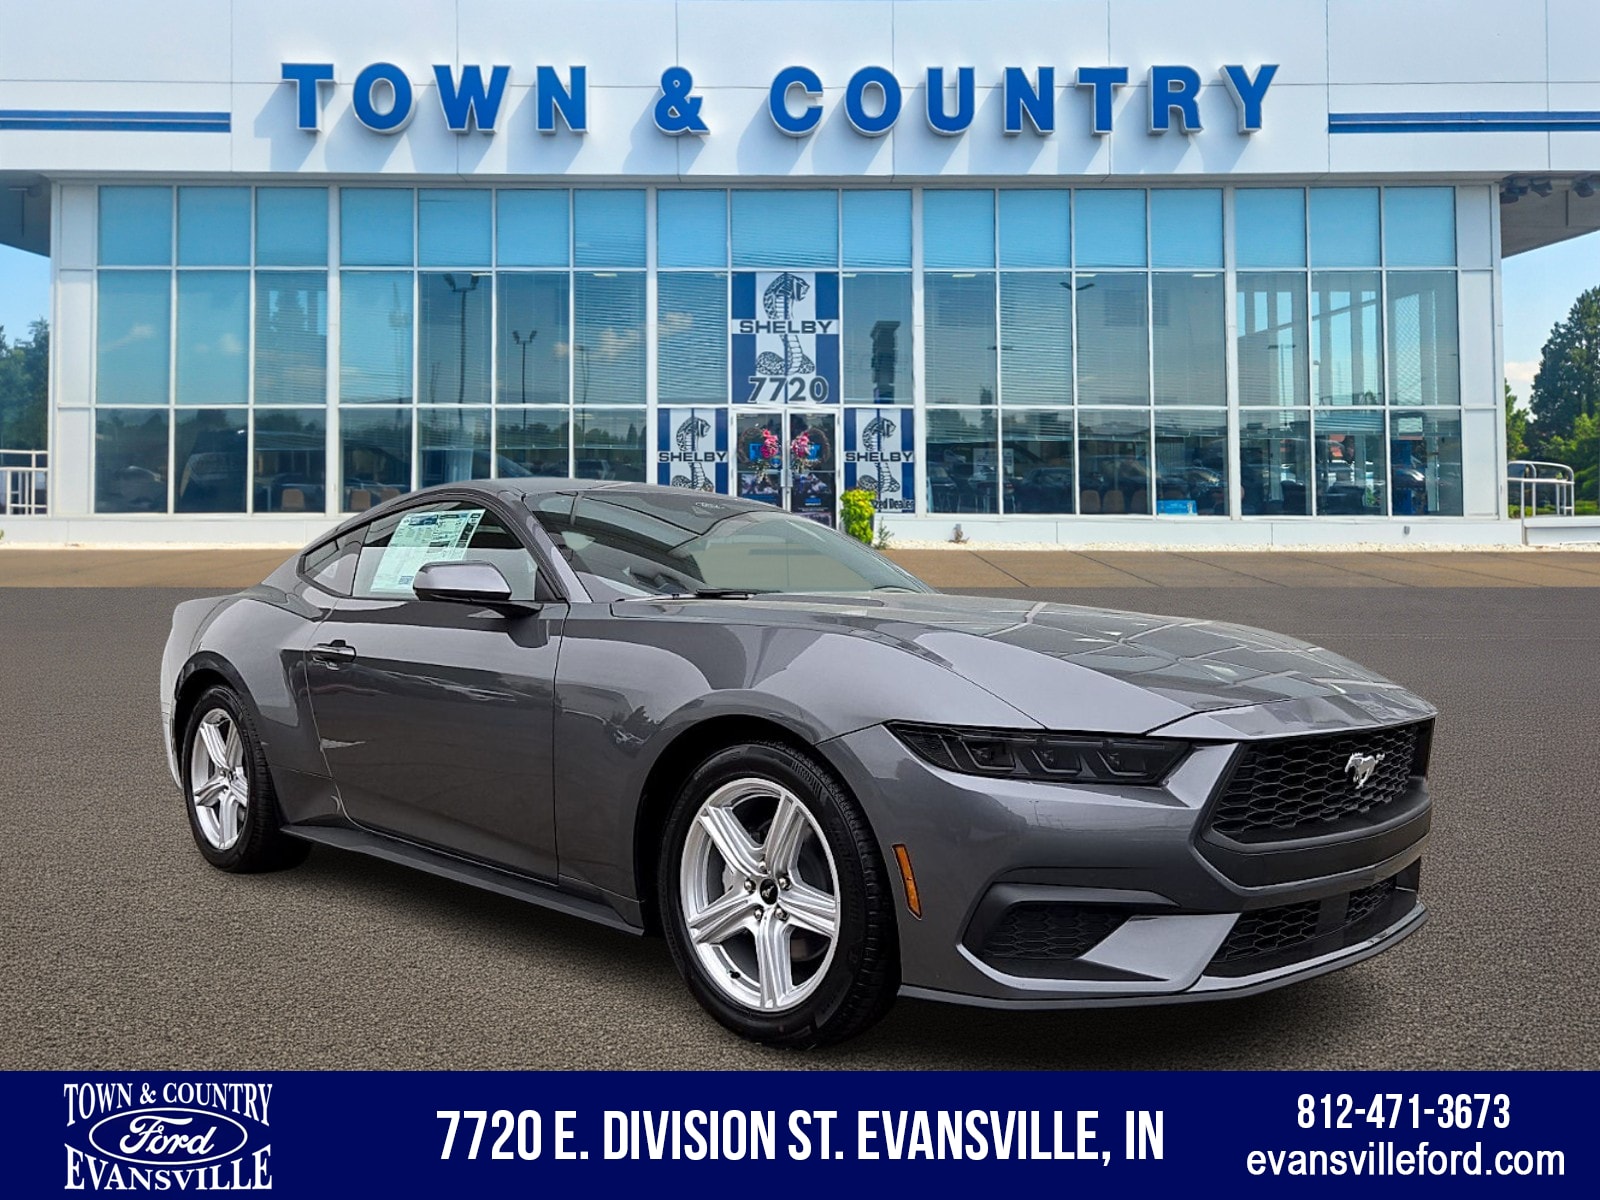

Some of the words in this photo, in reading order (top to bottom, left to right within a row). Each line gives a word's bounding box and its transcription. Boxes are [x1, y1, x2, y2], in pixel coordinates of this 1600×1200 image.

[281, 63, 587, 134] TOWN
[655, 67, 709, 135] &
[769, 65, 1279, 135] COUNTRY
[739, 320, 832, 334] SHELBY
[749, 377, 828, 402] 7720
[658, 452, 728, 462] SHELBY
[845, 452, 914, 462] SHELBY
[889, 498, 914, 509] Dealer
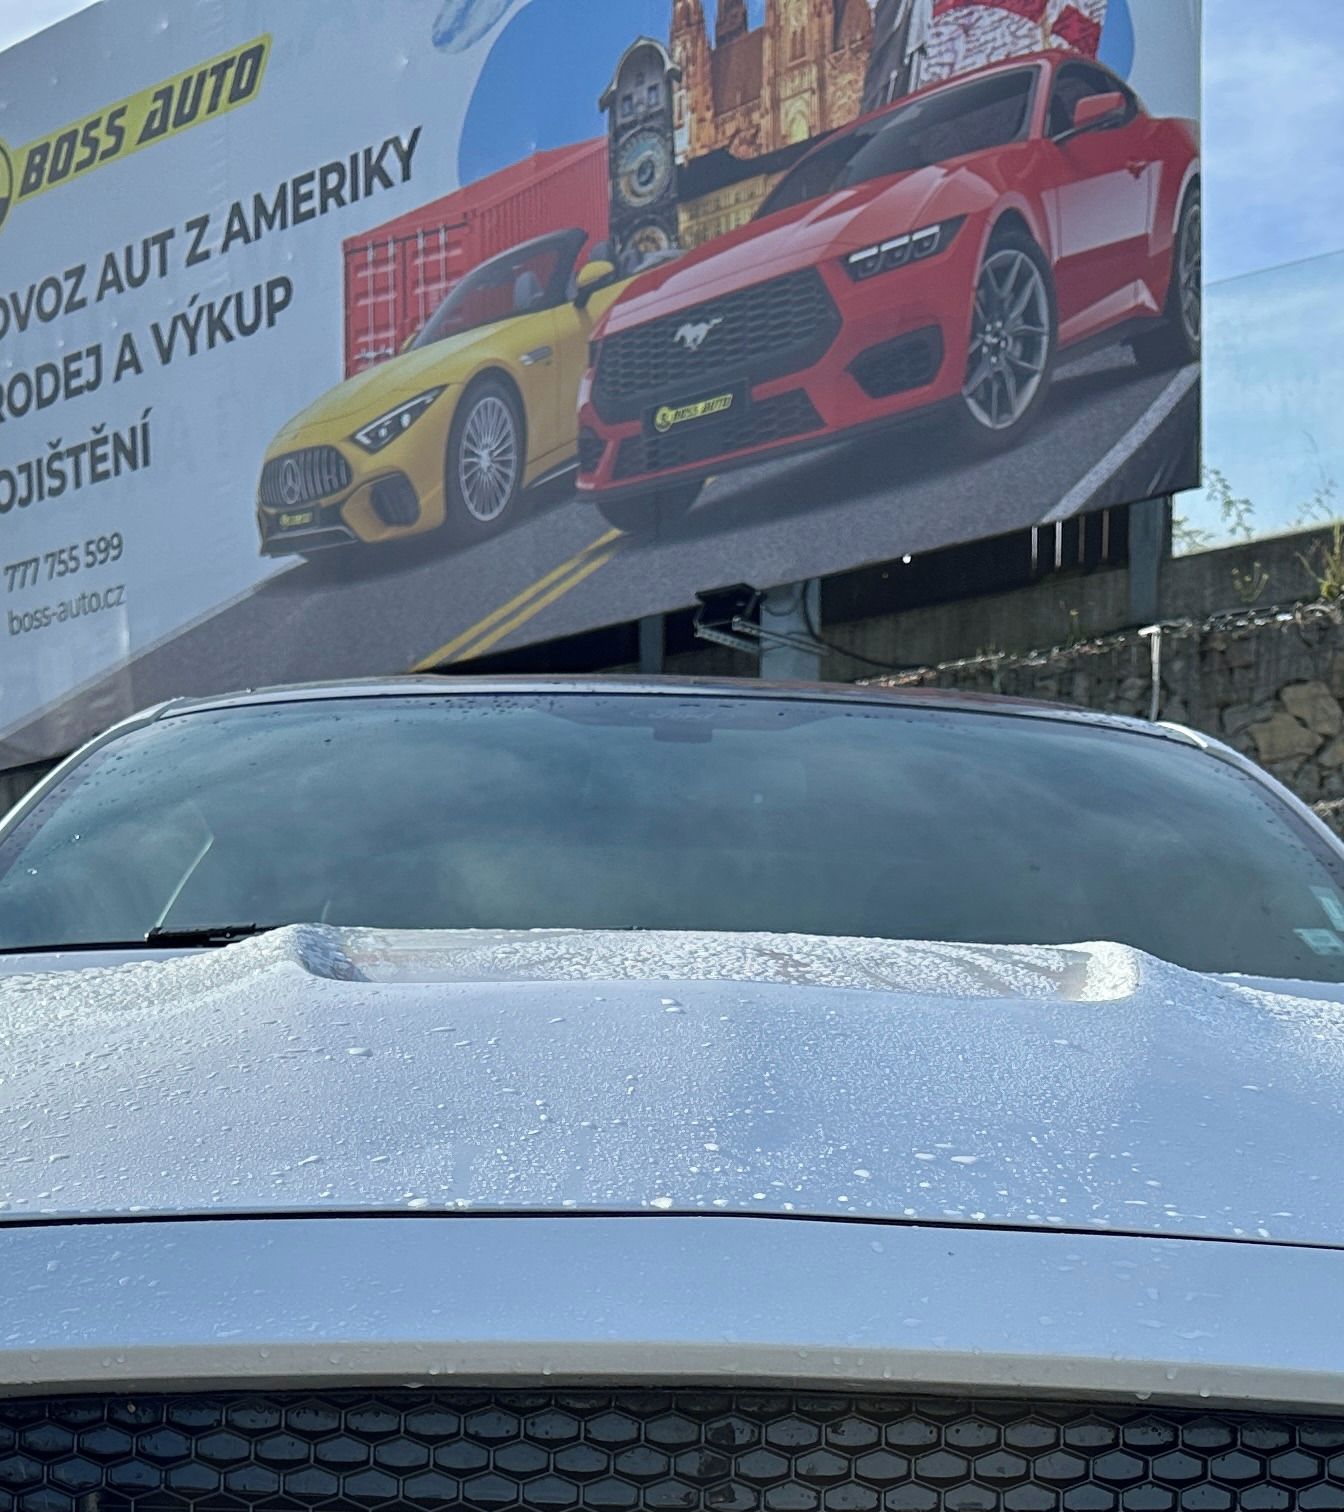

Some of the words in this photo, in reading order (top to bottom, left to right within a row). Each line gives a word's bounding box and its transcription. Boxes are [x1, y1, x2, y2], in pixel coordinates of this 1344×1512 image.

[18, 107, 127, 199] BOSS
[137, 42, 266, 146] AUTO
[95, 229, 175, 303] AUT
[185, 215, 211, 267] Z
[220, 126, 423, 254] AMERIKY
[113, 333, 143, 383] A
[151, 275, 294, 364] VÝKUP
[4, 556, 41, 592] 777
[44, 544, 81, 581] 755
[85, 532, 124, 567] 599
[7, 584, 125, 636] boss-auto.cz

#####

* PROBLEM:
The records above, copied word for word without the pictures, are what should be output.

* RESPONSE:
Some of the words in this photo, in reading order (top to bottom, left to right within a row). Each line gives a word's bounding box and its transcription. Boxes are [x1, y1, x2, y2], in pixel coordinates of this 1600×1200 image.

[281, 63, 587, 134] TOWN
[655, 67, 709, 135] &
[769, 65, 1279, 135] COUNTRY
[739, 320, 832, 334] SHELBY
[749, 377, 828, 402] 7720
[658, 452, 728, 462] SHELBY
[845, 452, 914, 462] SHELBY
[889, 498, 914, 509] Dealer

Some of the words in this photo, in reading order (top to bottom, left to right within a row). Each line gives a word's bounding box and its transcription. Boxes are [x1, y1, x2, y2], in pixel coordinates of this 1344×1512 image.

[18, 107, 127, 199] BOSS
[137, 42, 266, 146] AUTO
[95, 229, 175, 303] AUT
[185, 215, 211, 267] Z
[220, 126, 423, 254] AMERIKY
[113, 333, 143, 383] A
[151, 275, 294, 364] VÝKUP
[4, 556, 41, 592] 777
[44, 544, 81, 581] 755
[85, 532, 124, 567] 599
[7, 584, 125, 636] boss-auto.cz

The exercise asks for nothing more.